### Source material ###

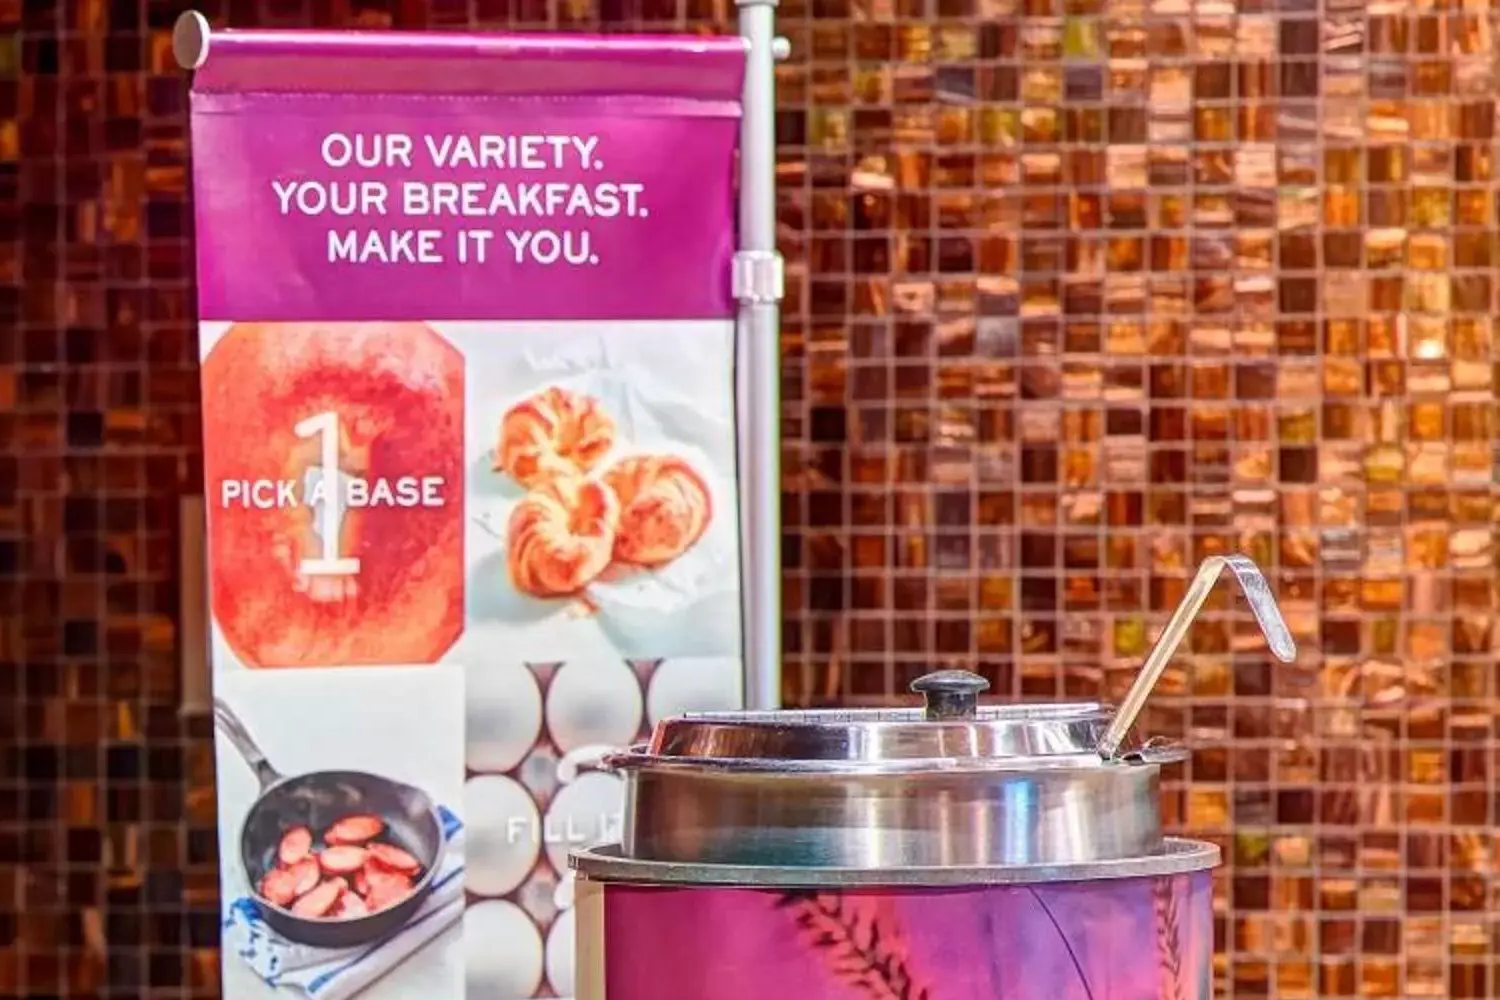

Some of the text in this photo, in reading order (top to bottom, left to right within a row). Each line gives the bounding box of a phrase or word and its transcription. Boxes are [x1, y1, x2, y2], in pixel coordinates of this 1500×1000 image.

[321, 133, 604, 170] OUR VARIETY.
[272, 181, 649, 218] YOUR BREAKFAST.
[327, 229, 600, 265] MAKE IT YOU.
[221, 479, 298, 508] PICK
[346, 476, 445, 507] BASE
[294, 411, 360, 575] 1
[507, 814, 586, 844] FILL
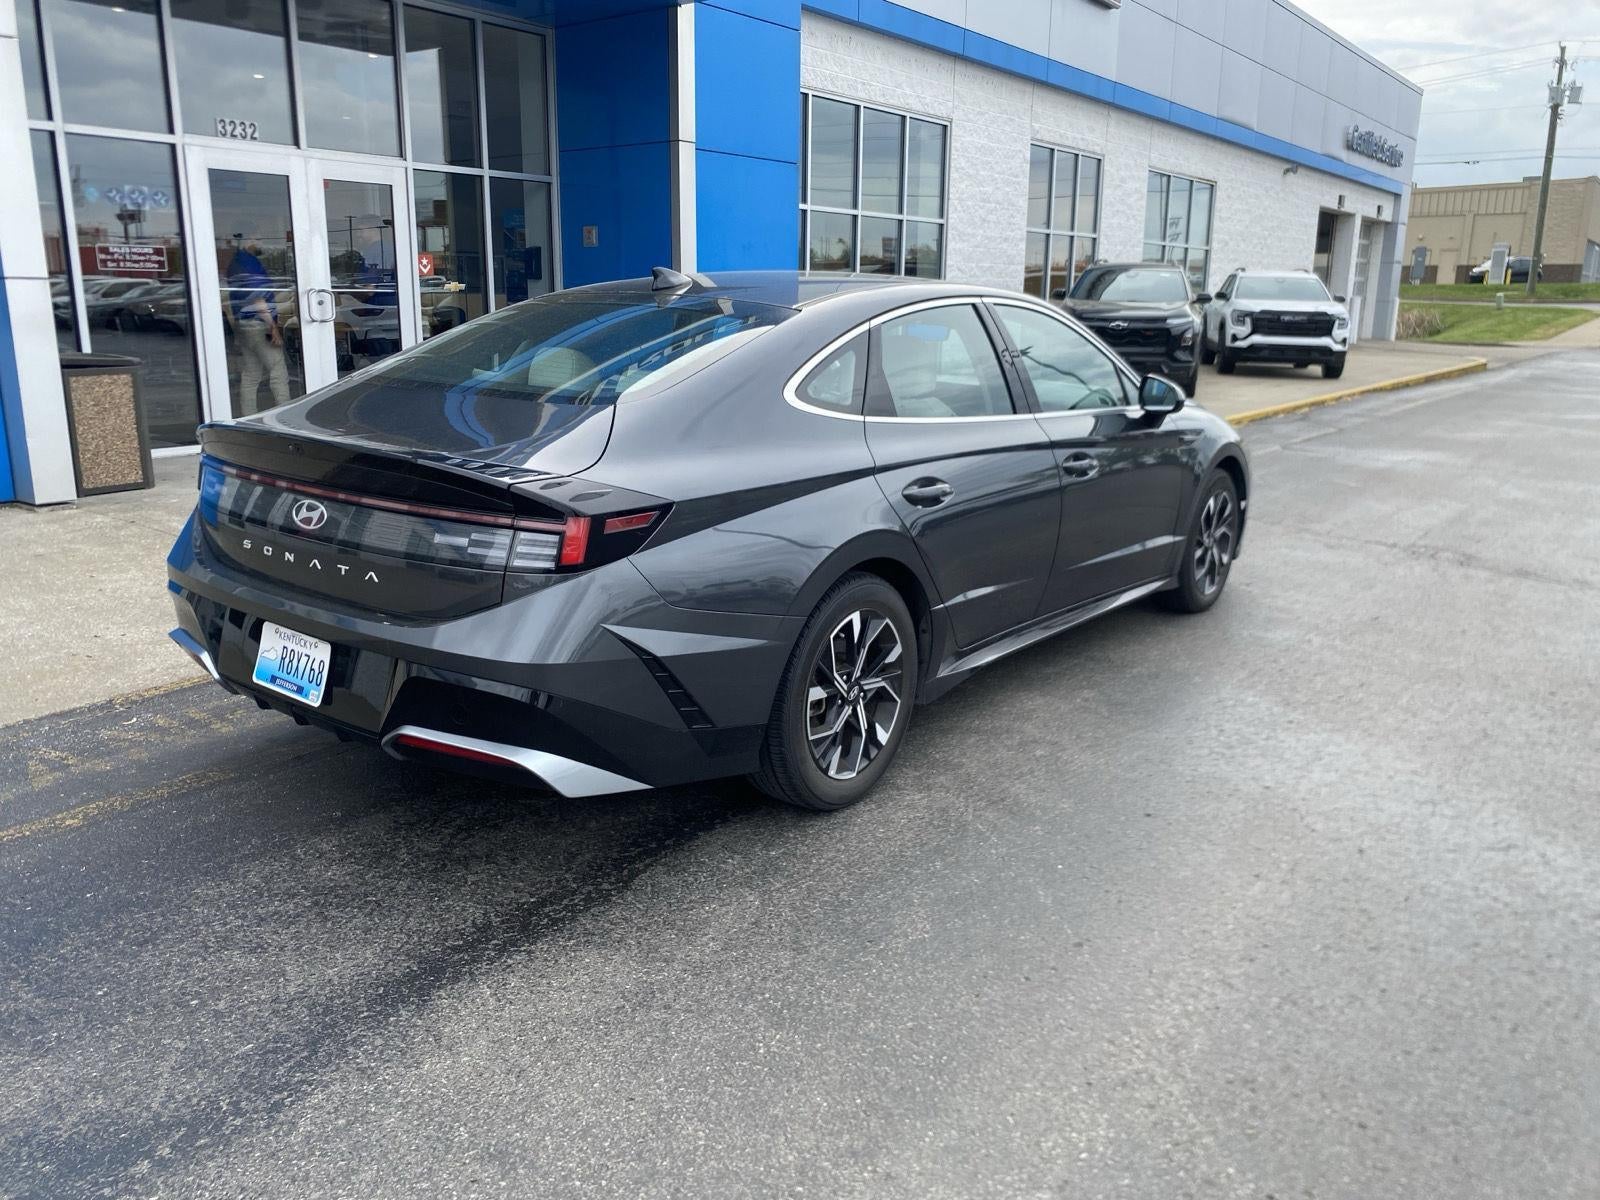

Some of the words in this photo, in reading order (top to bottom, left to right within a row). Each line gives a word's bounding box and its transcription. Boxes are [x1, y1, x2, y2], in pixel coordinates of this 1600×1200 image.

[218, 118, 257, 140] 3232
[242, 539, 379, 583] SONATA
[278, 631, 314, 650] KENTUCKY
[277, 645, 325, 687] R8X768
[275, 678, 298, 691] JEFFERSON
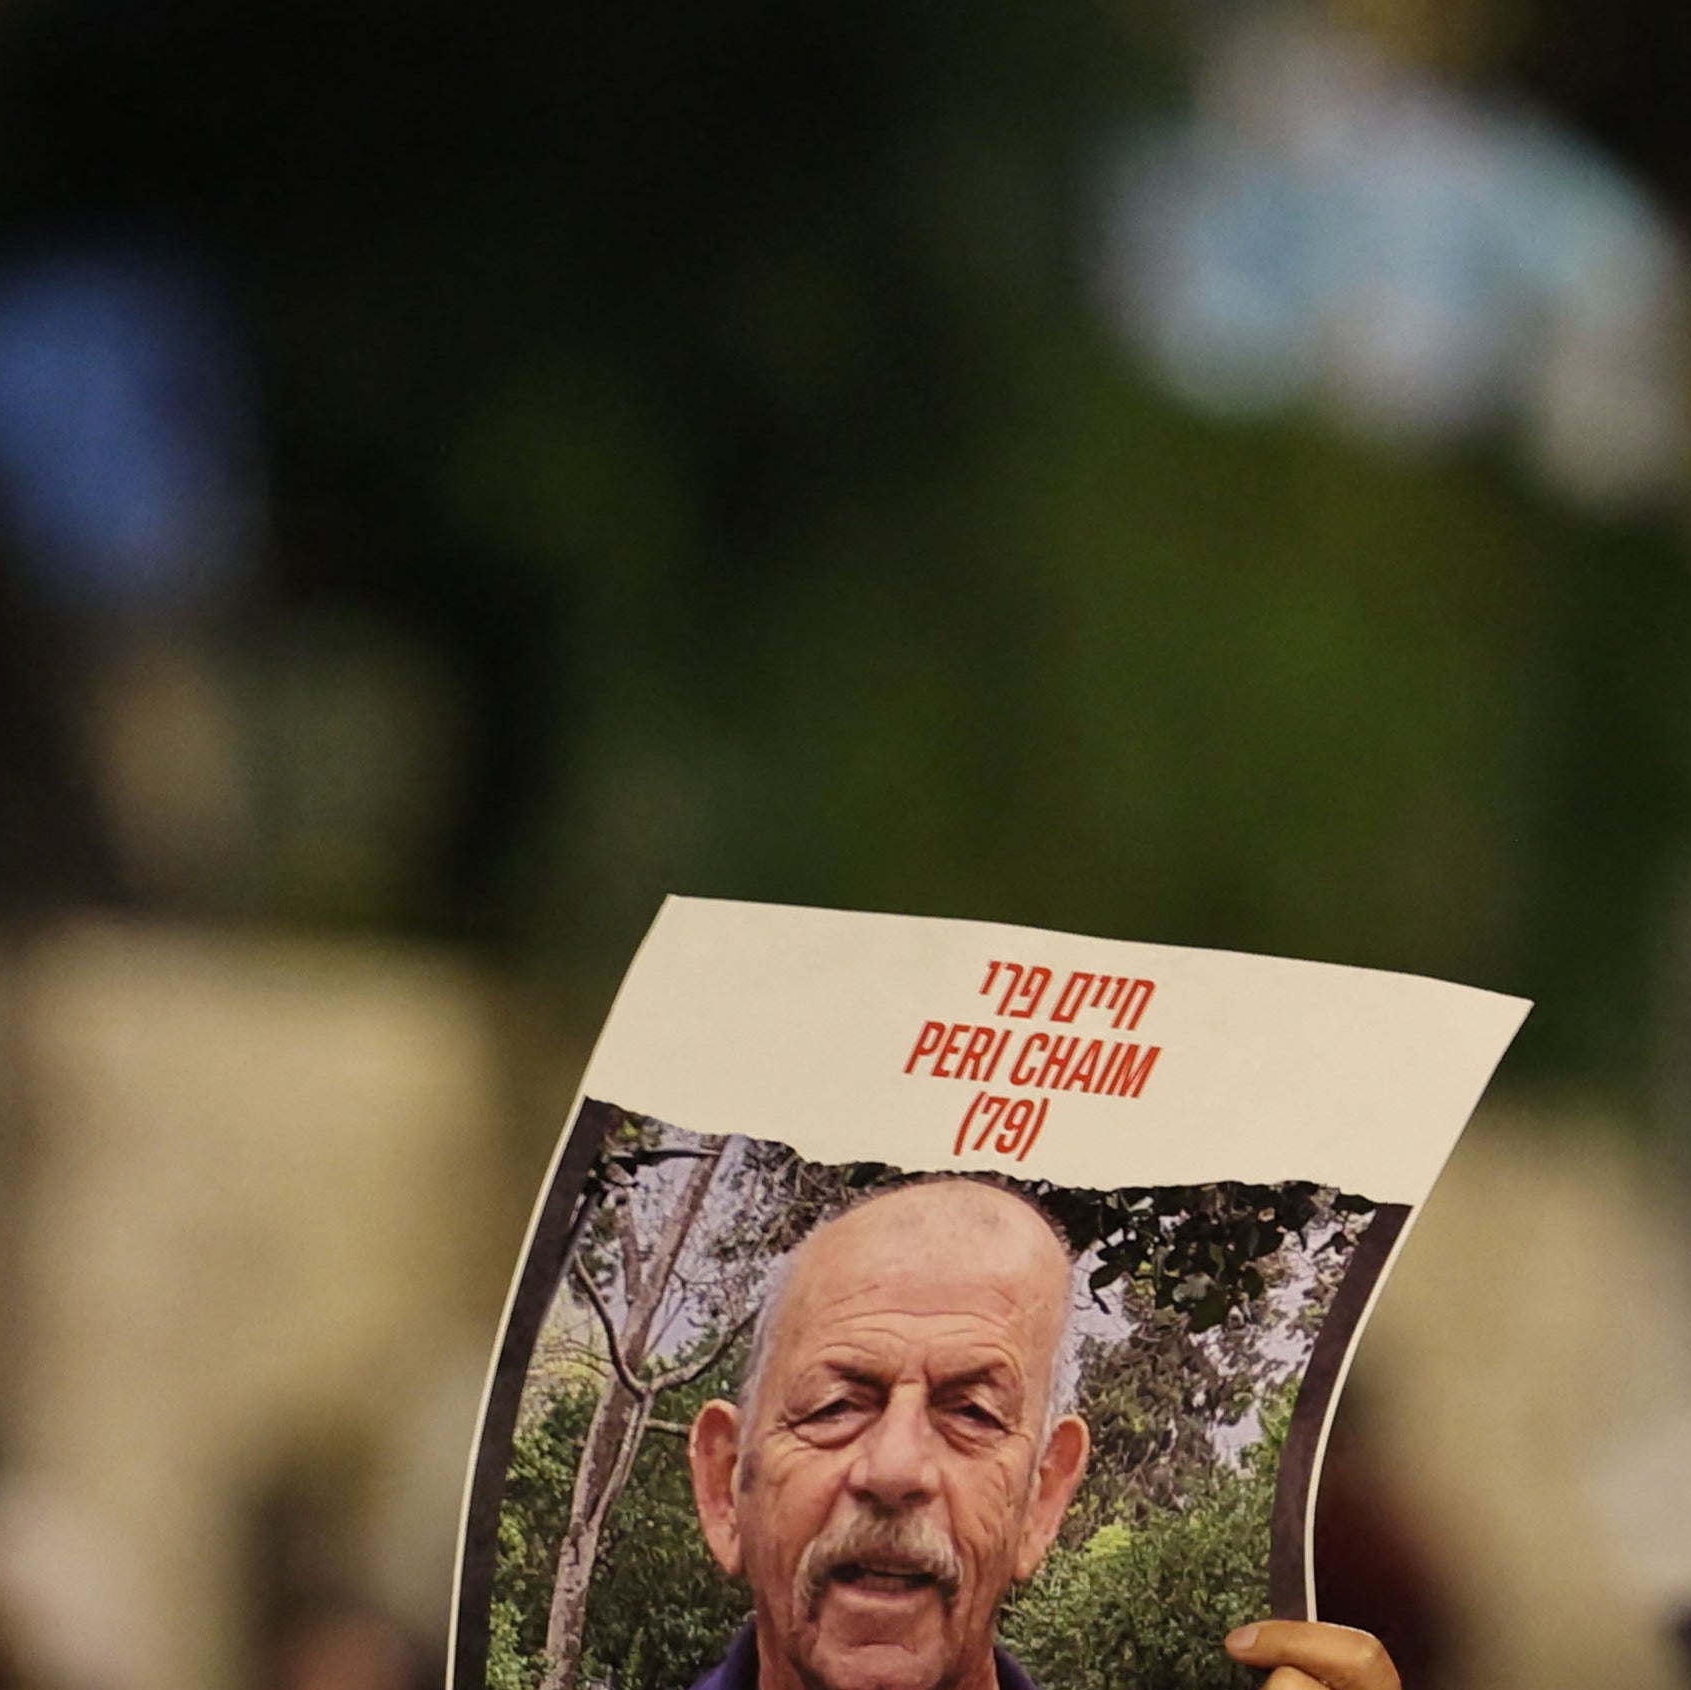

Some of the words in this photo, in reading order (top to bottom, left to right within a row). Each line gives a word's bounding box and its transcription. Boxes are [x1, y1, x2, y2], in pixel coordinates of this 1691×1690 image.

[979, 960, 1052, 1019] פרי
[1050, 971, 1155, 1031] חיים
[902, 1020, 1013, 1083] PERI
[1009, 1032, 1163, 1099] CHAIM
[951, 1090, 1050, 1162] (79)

###

The records above are to be restated exactly, without their pictures.

Some of the text in this photo, in reading order (top to bottom, left to right within a row). Each line gives the bounding box of a phrase or word and its transcription. Boxes are [x1, y1, x2, y2], in pixel coordinates of this 1500×1000 image.

[321, 133, 604, 170] OUR VARIETY.
[272, 181, 649, 218] YOUR BREAKFAST.
[327, 229, 600, 265] MAKE IT YOU.
[221, 479, 298, 508] PICK
[346, 476, 445, 507] BASE
[294, 411, 360, 575] 1
[507, 814, 586, 844] FILL

Some of the words in this photo, in reading order (top to bottom, left to right within a row). Each line gives a word's bounding box and its transcription. Boxes are [x1, y1, x2, y2], in pixel coordinates of this 1600×1200 image.

[218, 118, 257, 140] 3232
[242, 539, 379, 583] SONATA
[278, 631, 314, 650] KENTUCKY
[277, 645, 325, 687] R8X768
[275, 678, 298, 691] JEFFERSON

Some of the words in this photo, in reading order (top to bottom, left to right within a row). Each line gives a word's bounding box and its transcription. Boxes are [x1, y1, x2, y2], in pixel coordinates of this 1691×1690 image.

[979, 960, 1052, 1019] פרי
[1050, 971, 1155, 1031] חיים
[902, 1020, 1013, 1083] PERI
[1009, 1032, 1163, 1099] CHAIM
[951, 1090, 1050, 1162] (79)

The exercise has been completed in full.